First published in the 1994 Wisden Almanack

Two years ago, the pavilion at the ground in Launceston, Tasmania, was renamed “The David Boon Stand”. Admittedly Launceston is Boon’s adoring home town but, even so, having a grandstand named after you when you are only 31 years old and in the middle of a Test career is proof that you have become a living legend.

Now, two years and hundreds of runs later, Boon is rivalling Allan Border as the most respected and admired cricketer in Australia. At big matches now, banners carry, the simplest of messages: “Boonie” or, at their most verbose, “Boon – dead-set legend”. His recently published autobiography is a best-seller and crowds have flocked to meet Boon at book-signings around the nation.

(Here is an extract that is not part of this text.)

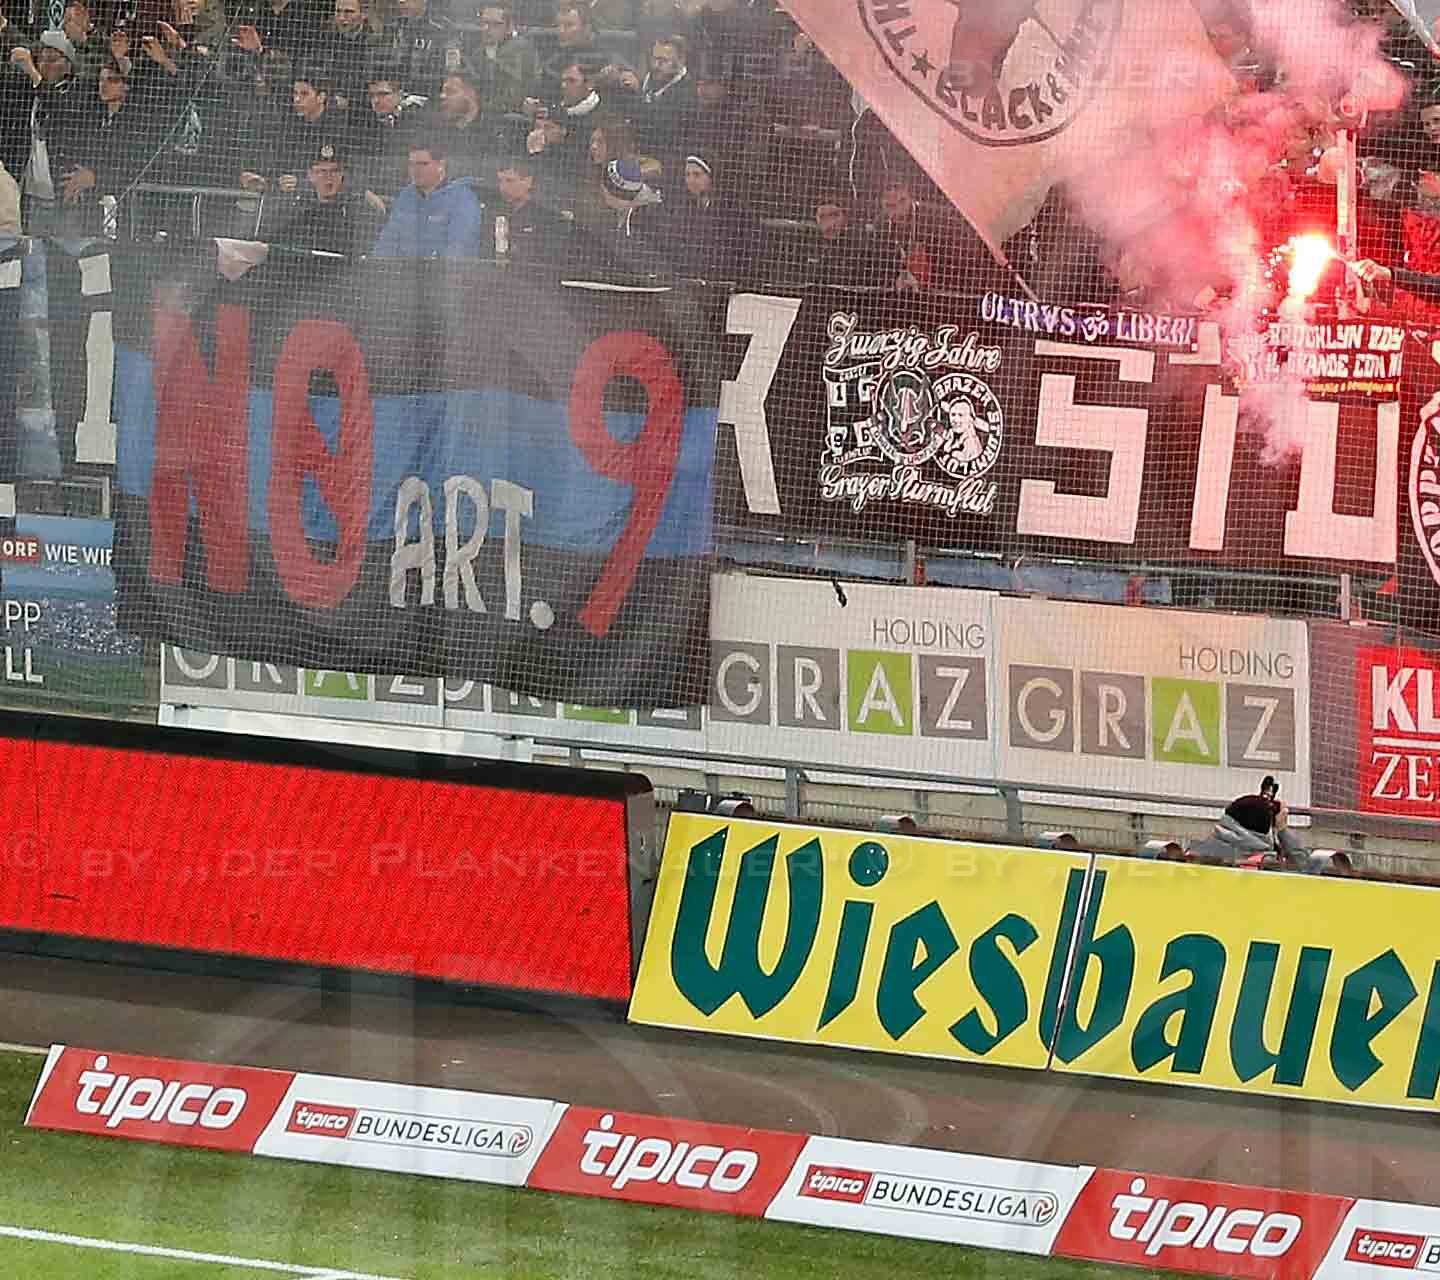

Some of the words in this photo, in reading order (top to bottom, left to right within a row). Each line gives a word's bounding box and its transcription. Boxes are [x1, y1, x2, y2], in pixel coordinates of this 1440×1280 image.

Boon had been Australia’s leading batsman for some time before the 1993 Ashes tour, but it was his performances on that, his third, tour of England that elevated him to the stature of a diminutive but formidable national treasure. In ten Test innings in England in 1993 Boon made 555 runs at an average of 69.37. Importantly, he finally achieved an ambition by making his first Test century in England, an undefeated 164 at Lord’s in the Second Test. This innings had followed a frustrating 93 in the First Test at Old Trafford, but Boon made up for that disappointment by following his Lord’s century with another in the Third Test and another in the Fourth.

The most striking features of Boon’s batting in England in 1993 were his concentration and precise shot selection. It was as if he knew that every over England’s bowlers would present him with a short ball to cut for four or a half volley to clip away to the mid-wicket rope. His method was to defend patiently against any reasonable delivery, then to despatch with minimal risk the inevitable bad ball. It was a simple but ruthlessly effective strategy. Boon now knows his strengths and weaknesses as well as Border knows his. Young batsmen like Slater, Hayden and Martyn talk of the Bible according to Boon.

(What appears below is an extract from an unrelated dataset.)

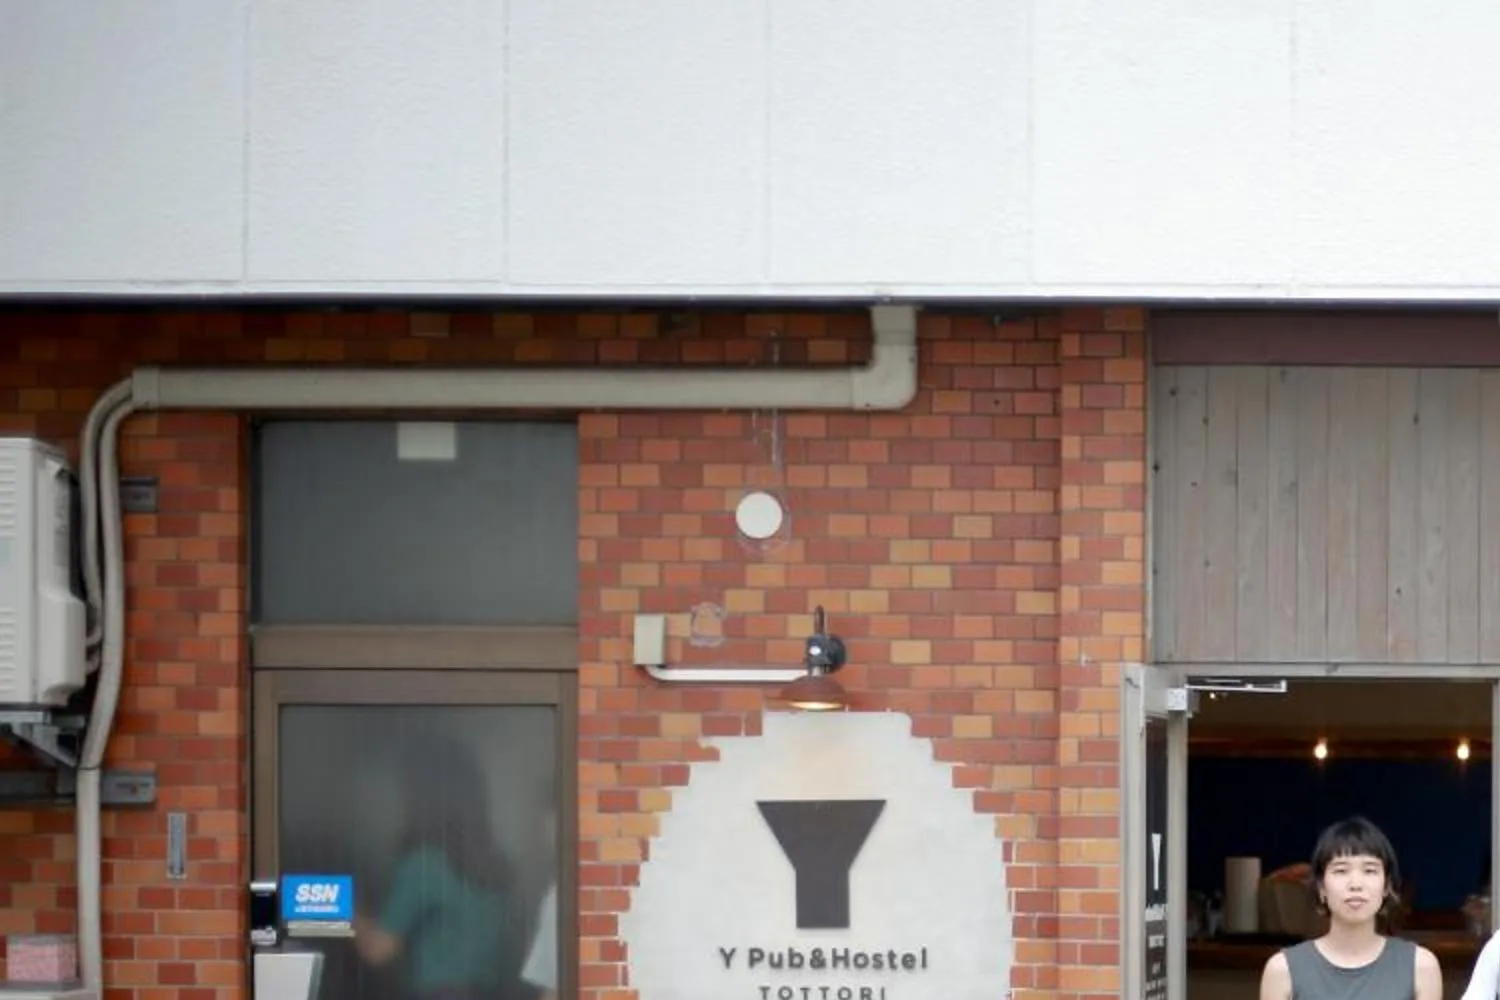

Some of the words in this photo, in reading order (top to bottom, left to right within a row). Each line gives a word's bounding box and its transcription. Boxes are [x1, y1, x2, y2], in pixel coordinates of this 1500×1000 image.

[755, 798, 887, 930] Y
[295, 883, 340, 903] SSN
[719, 947, 737, 970] Y
[749, 946, 928, 970] Pub&Hostel

“I suppose the difference between my batting in 1989 and 1993 was that I converted 50s and 60s into hundreds in ’93,” Boon says. “I think my mental approach is different these days. I’m a lot harder now. Every innings really matters. My attitude has changed a lot in those four years. There’s a definite progression there.”

Off the field, Boon is a quiet character who does not waste words. However, he possesses a dry Australian wit and often reveals a mischievous glint in the eye. On the field, either at short leg where he is brilliant or at the batting crease, he is the rock on which Australia have built their recent good form. Border, one of his staunchest admirers, once said Boon had a heart to match that of Phar Lap, the great Australian racehorse. In Australian sport, there are few higher compliments.